George Frideric Handel (23 February 1685 – 14 April 1759) was a German-born British Baroque composer who was a leading composer of concerti grossi, operas and oratorios. Born in Germany as Georg Friedrich Handel, he lived most of his adult life in England, becoming a subject of the British crown on 22 January 1727. His most famous work is Messiah, an oratorio set to texts from the King James Bible; other well-known works are Water Music and Music for the Royal Fireworks. He deeply influenced many composers who came after him, including Haydn, Mozart, and Beethoven, and his work helped lead the transition from the Baroque to the Classical era.
Handel was born in Halle at Saxony-Anhalt to Georg and Dorothea (nйe Taust) Handel in 1685, the same year that both Johann Sebastian Bach and Domenico Scarlatti were born. He displayed considerable musical talent at an early age; by the age of seven he was a skillful performer on the harpsichord and pipe organ, and at nine he began to compose music. However, his father, an eminent barber-surgeon who served as valet and barber to the Courts of Saxony and Brandenburg, as well as a distinguished citizen of Halle, was opposed to George Frideric pursuing a musical career, preferring him to study law, whereas his mother, Dorothea, encouraged him in his music.
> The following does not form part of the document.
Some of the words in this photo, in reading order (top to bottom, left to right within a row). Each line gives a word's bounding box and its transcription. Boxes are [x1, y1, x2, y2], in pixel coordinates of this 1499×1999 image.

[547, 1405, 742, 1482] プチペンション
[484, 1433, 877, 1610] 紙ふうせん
Nevertheless, the young Handel was permitted to take lessons in musical composition and keyboard techniques from Friedrich Wilhelm Zachau, the organist of the Liebfrauenkirche, Halle. His aunt, Anna, had given him a spinet, an early harpsichord with a single keyboard and only one string for each note, for his seventh birthday, which they moved into the attic and he went there to play it whenever he could.
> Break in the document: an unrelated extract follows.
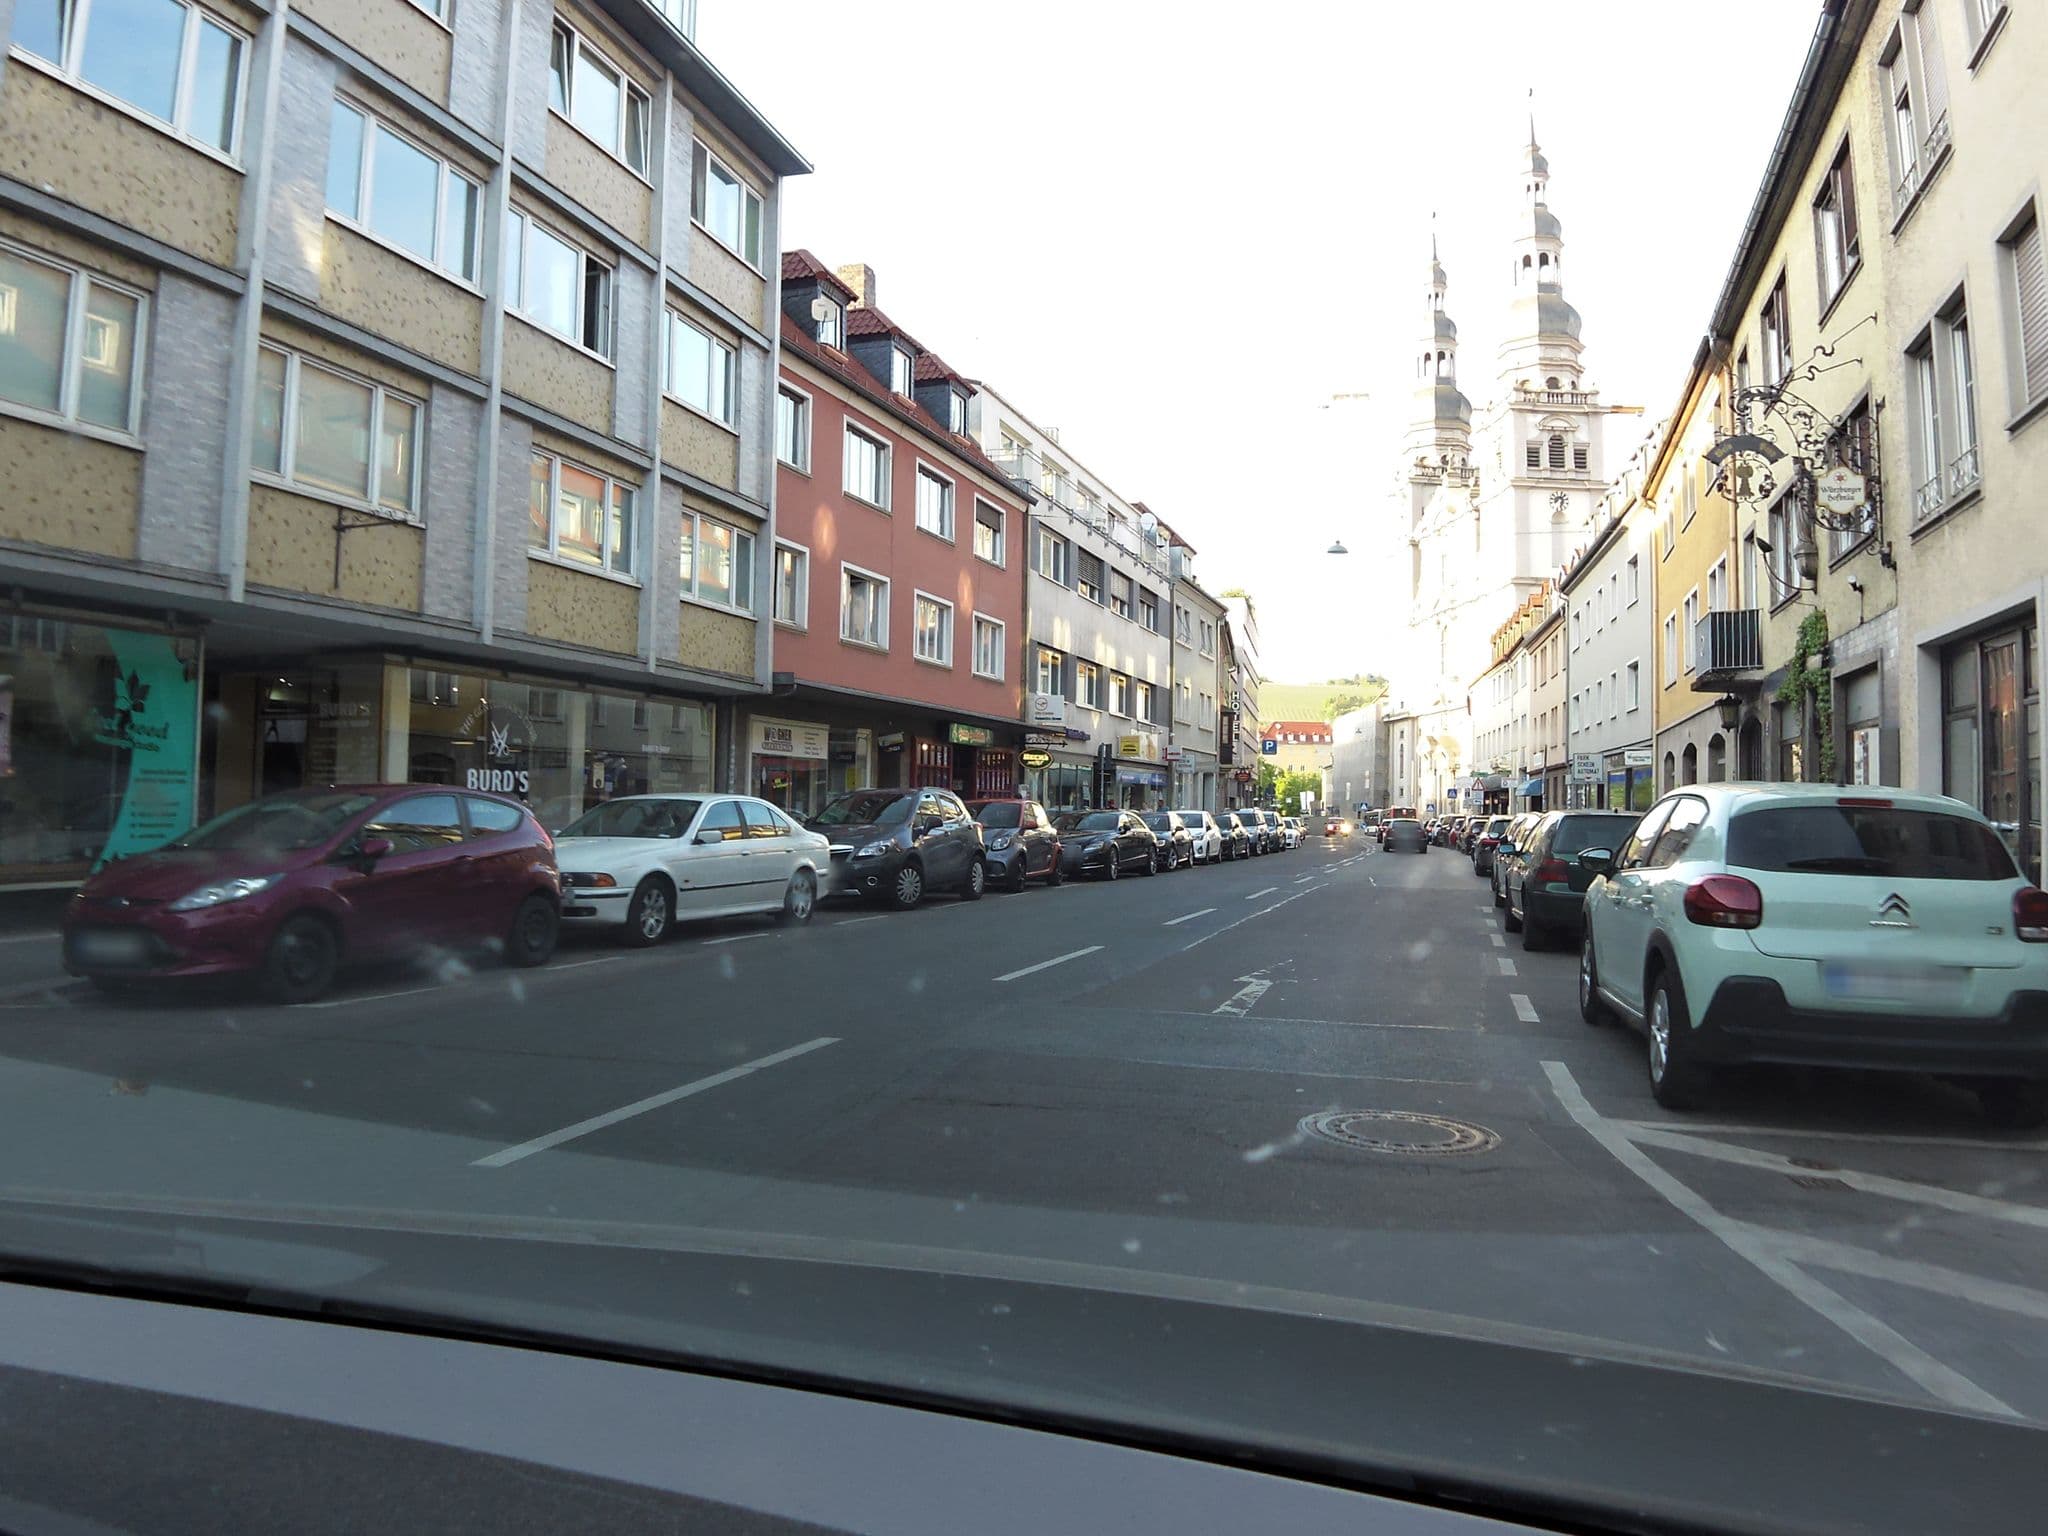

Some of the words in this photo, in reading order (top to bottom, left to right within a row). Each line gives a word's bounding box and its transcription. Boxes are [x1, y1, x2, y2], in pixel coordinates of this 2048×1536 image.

[1232, 690, 1240, 742] HOTEL
[1266, 741, 1274, 750] P
[467, 768, 529, 792] BURD'S
In 1702, in obedience to his father‘s wishes, he began the study of law at the University of Halle, but after his father‘s death the following year, he abandoned law for music, becoming the organist at the Protestant Cathedral. The following year he moved to Hamburg, accepting a position as violinist and harpsichordist in the orchestra of the opera-house. Here his first two operas, Almira and Nero, were produced early in 1705. Two other early operas, Daphne and Florindo, were produced at Hamburg in 1708.
During the years 1707–1709 Handel traveled and studied in Italy. When opera was banned by local authorities, Handel found work as a composer of sacred music and wrote some pieces in operatic style. The famous Dixit Dominus (1707) is from this era. His Rodrigo was produced in Florence in 1707, and his Agrippina at Venice in 1709. Agrippina, which ran for an unprecedented 27 performances, exhibited a mature technique in Handel‘s writing and established his reputation as an opera composer. Two oratorios, La Resurrezione and Il Trionfo del Tempo, were produced at Rome in 1709 and 1710, respectively.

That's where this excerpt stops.